TASK INPUT

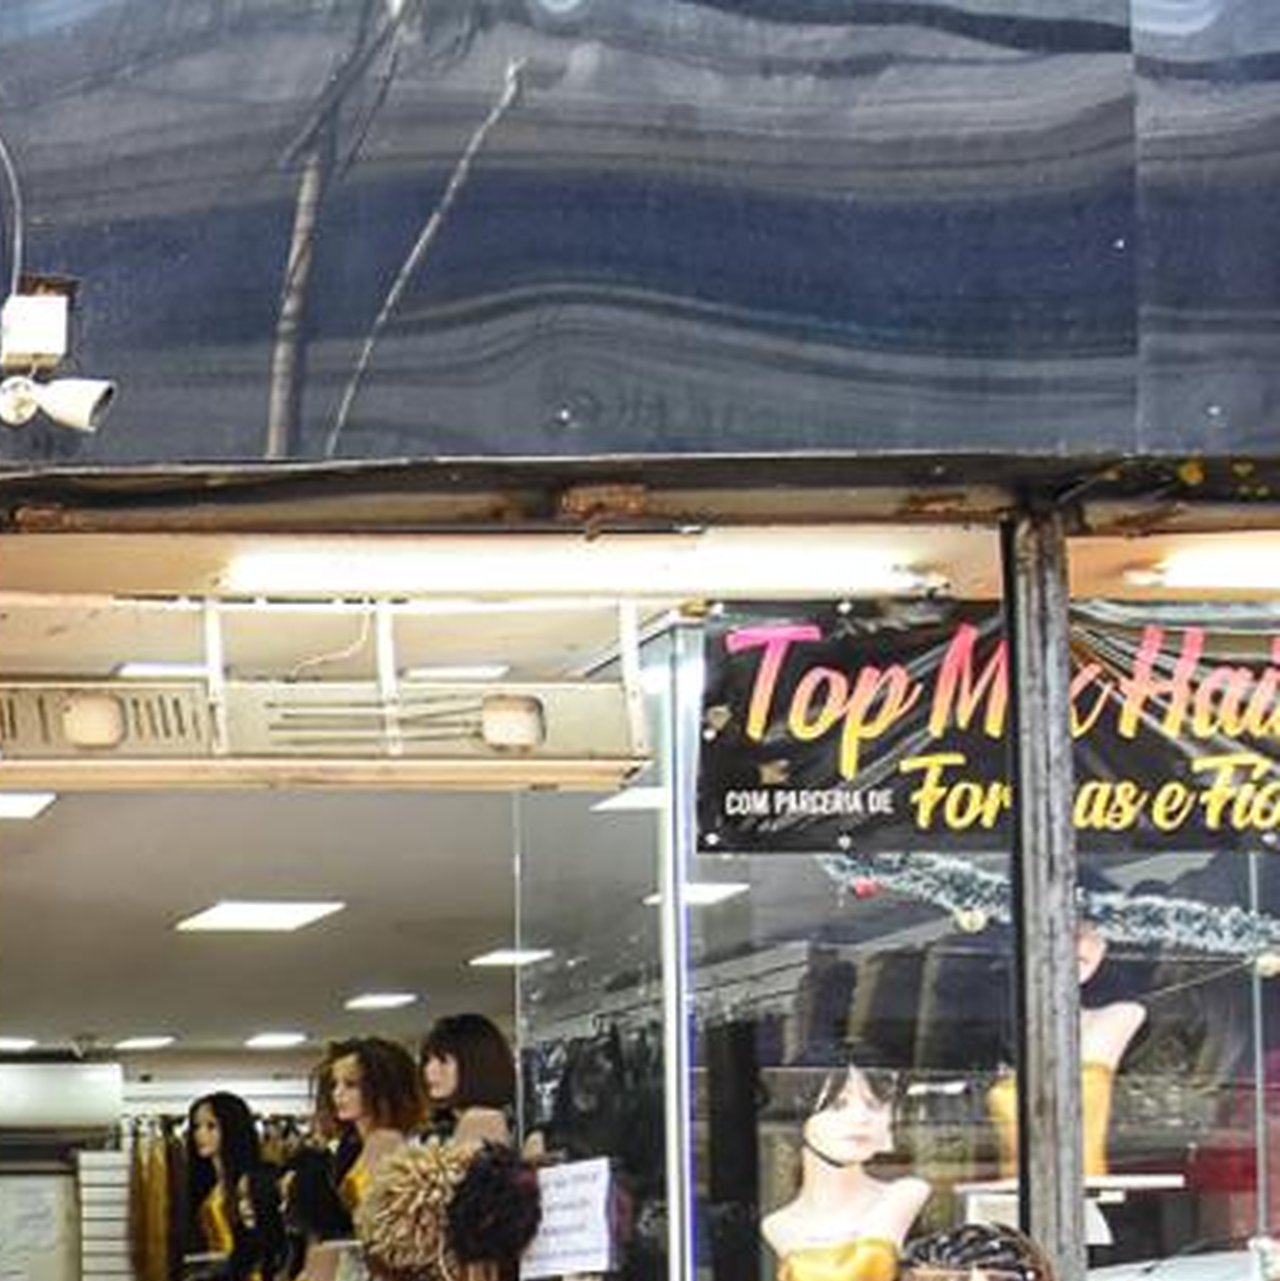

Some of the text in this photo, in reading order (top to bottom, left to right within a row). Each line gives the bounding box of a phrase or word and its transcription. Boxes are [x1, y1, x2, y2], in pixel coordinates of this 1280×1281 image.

[726, 625, 923, 781] Top
[1119, 624, 1280, 740] Hai
[725, 789, 770, 815] COM
[774, 789, 863, 815] PARCERIA
[868, 789, 894, 814] DE
[899, 753, 1148, 832] Foras
[1152, 781, 1196, 832] e
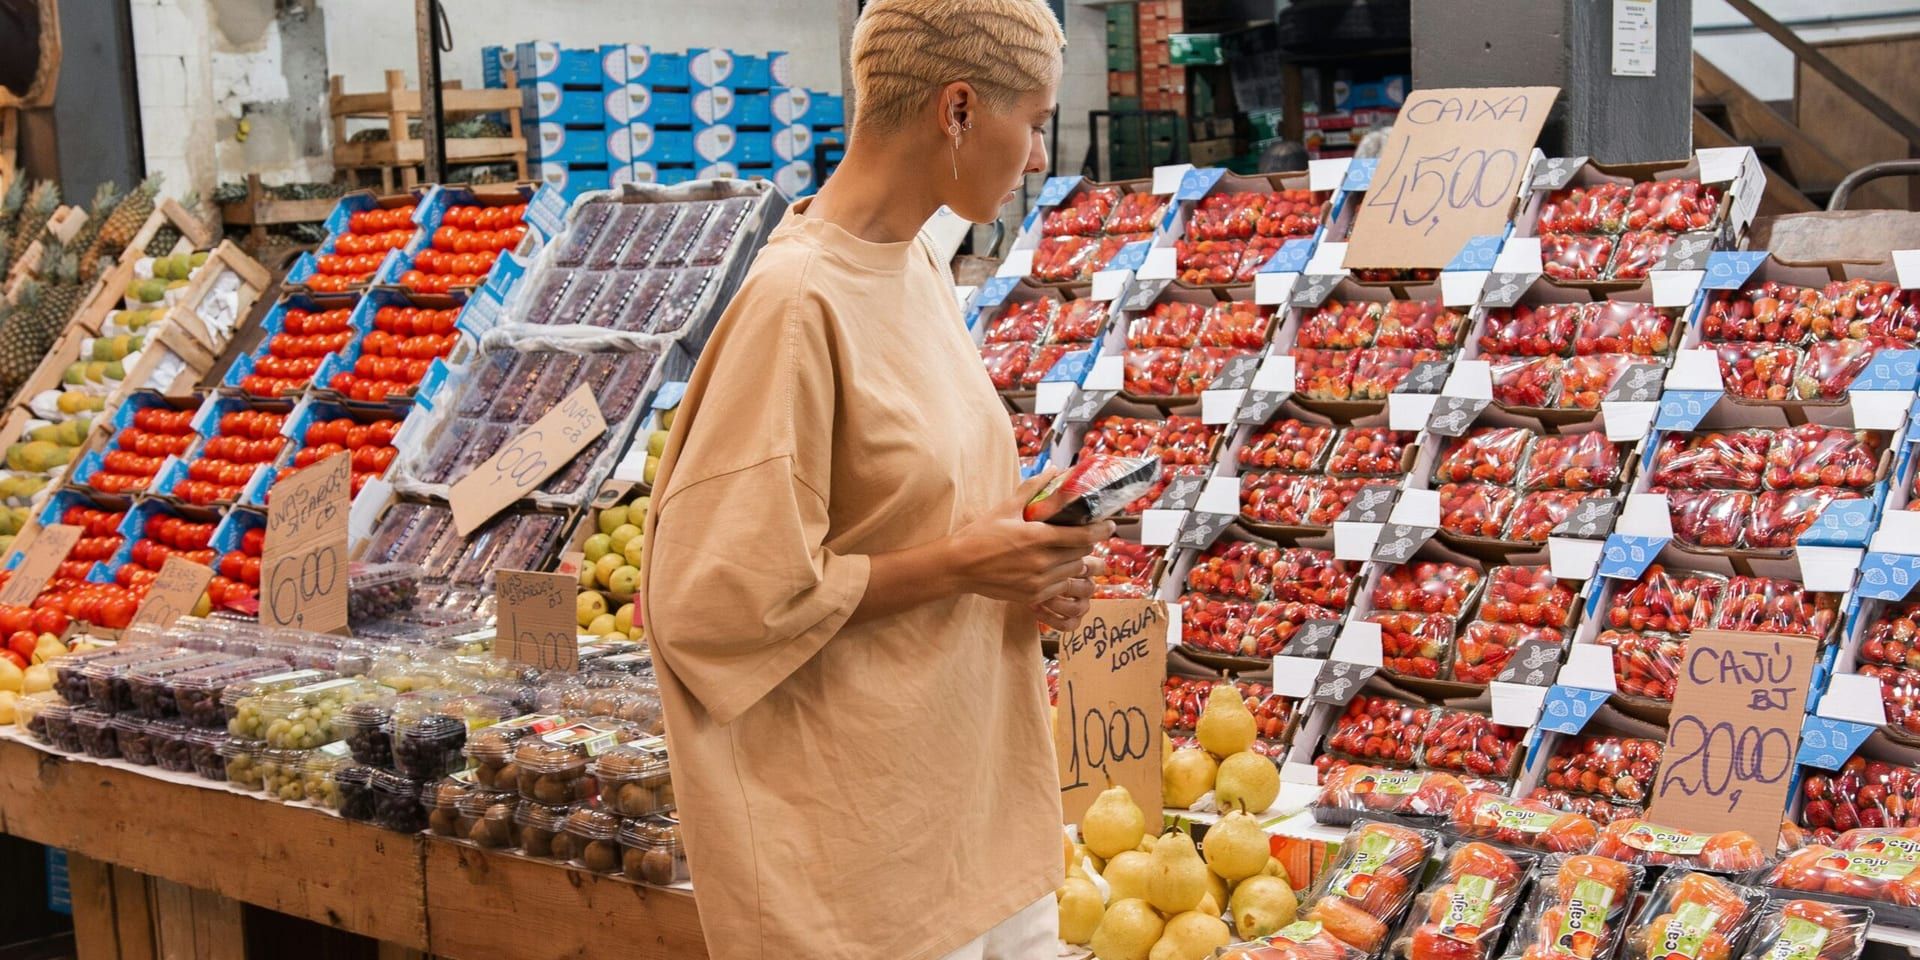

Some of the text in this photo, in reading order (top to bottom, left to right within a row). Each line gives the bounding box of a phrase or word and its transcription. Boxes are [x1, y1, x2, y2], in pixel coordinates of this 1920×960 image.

[1406, 95, 1529, 125] CAIXA
[1367, 135, 1519, 237] 45,00
[270, 482, 309, 531] UVAS
[270, 546, 337, 629] 6,00
[1062, 616, 1107, 661] PERA
[1095, 605, 1157, 659] D'AGUA
[1111, 637, 1150, 673] LOTE
[1688, 642, 1793, 685] CAJÚ
[1746, 687, 1797, 711] BJ
[1659, 714, 1792, 814] 20,00
[1380, 775, 1409, 785] caju
[1504, 810, 1536, 820] caju
[1655, 833, 1690, 844] caju
[1852, 857, 1889, 867] caju
[1451, 892, 1469, 922] caju
[1569, 899, 1587, 929] caju
[1664, 920, 1685, 951] caju
[1774, 938, 1795, 960] aju
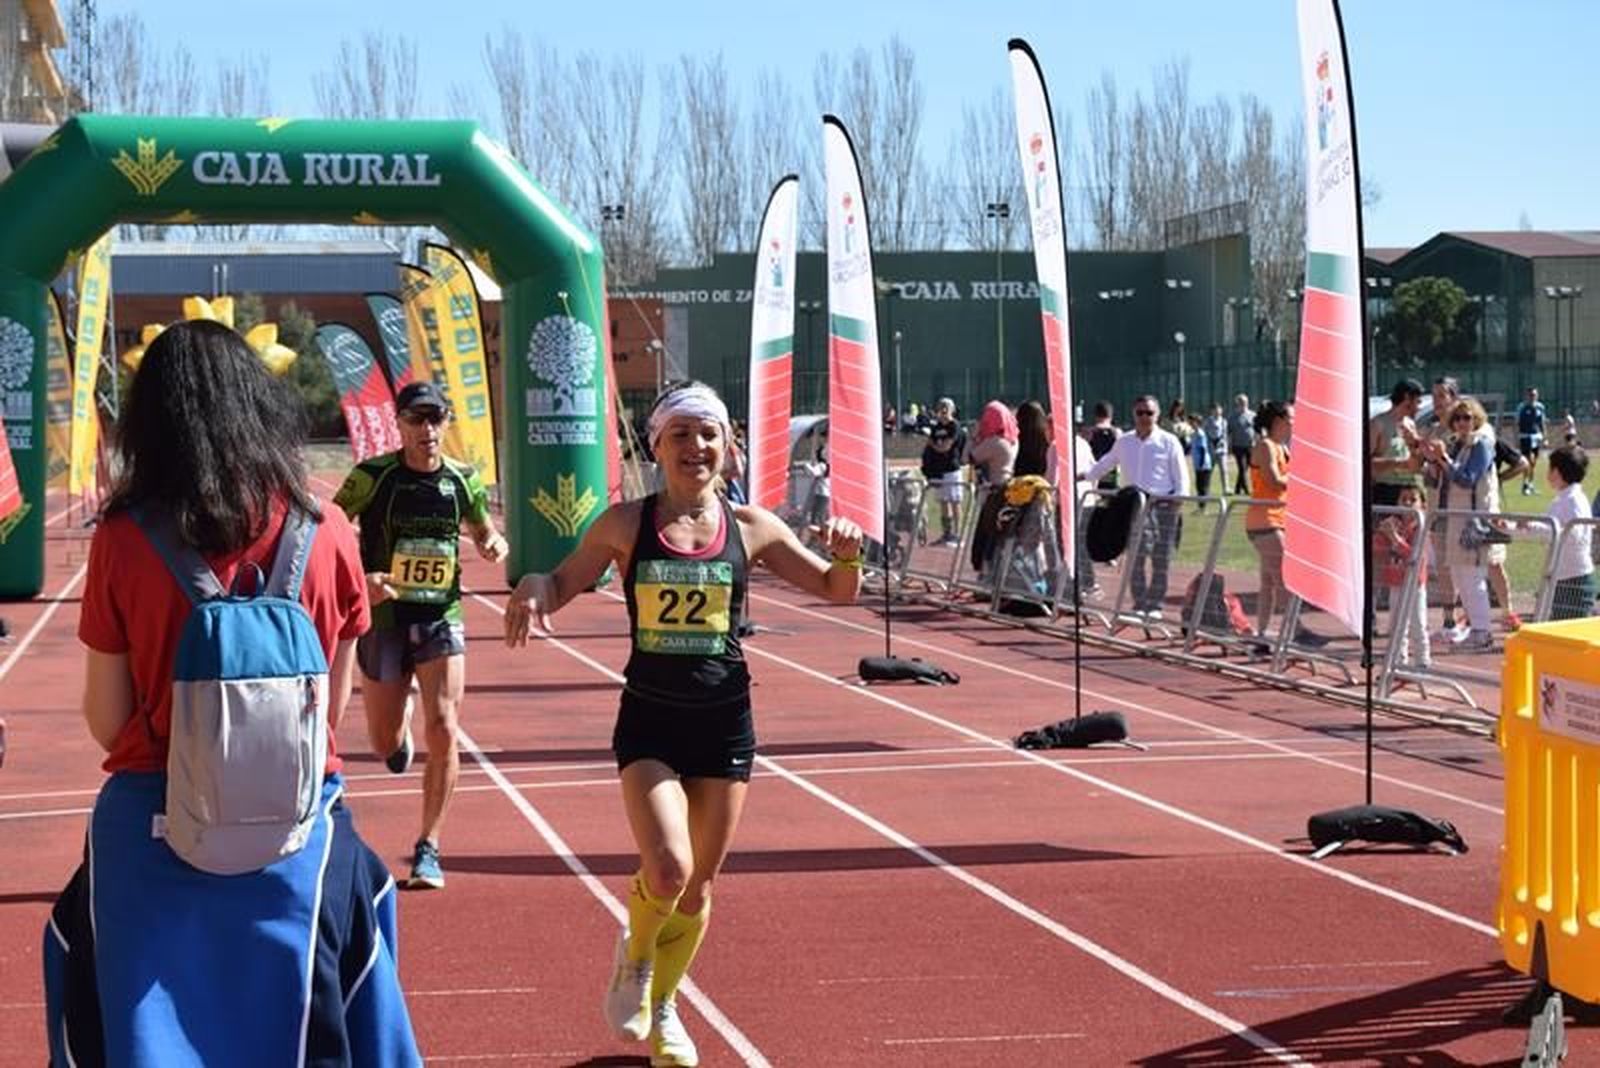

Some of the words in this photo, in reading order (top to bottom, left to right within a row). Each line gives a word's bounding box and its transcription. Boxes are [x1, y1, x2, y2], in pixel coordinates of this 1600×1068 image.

REQUIREMENT
Give the records again exactly, pictures left out.

COMPLETED TASK
Some of the text in this photo, in reading order (top to bottom, left to right within a row). Each line gives the bounding box of a phrase or word and its transcription. Boxes are [x1, y1, x2, y2], in pixel coordinates of this 1280×1281 image.

[726, 625, 923, 781] Top
[1119, 624, 1280, 740] Hai
[725, 789, 770, 815] COM
[774, 789, 863, 815] PARCERIA
[868, 789, 894, 814] DE
[899, 753, 1148, 832] Foras
[1152, 781, 1196, 832] e

Some of the text in this photo, in reading order (top to bottom, left to right within a row). Each line gives the bounding box of a phrase or word and its transcription. Boxes are [x1, y1, x2, y2], in pixel coordinates of this 1920×960 image.

[1406, 95, 1529, 125] CAIXA
[1367, 135, 1519, 237] 45,00
[270, 482, 309, 531] UVAS
[270, 546, 337, 629] 6,00
[1062, 616, 1107, 661] PERA
[1095, 605, 1157, 659] D'AGUA
[1111, 637, 1150, 673] LOTE
[1688, 642, 1793, 685] CAJÚ
[1746, 687, 1797, 711] BJ
[1659, 714, 1792, 814] 20,00
[1380, 775, 1409, 785] caju
[1504, 810, 1536, 820] caju
[1655, 833, 1690, 844] caju
[1852, 857, 1889, 867] caju
[1451, 892, 1469, 922] caju
[1569, 899, 1587, 929] caju
[1664, 920, 1685, 951] caju
[1774, 938, 1795, 960] aju

Some of the words in this photo, in reading order (top to bottom, left to right within a row). Each line gives a word's bounding box and its transcription. Boxes are [x1, y1, x2, y2], in pixel coordinates of this 1600×1068 image.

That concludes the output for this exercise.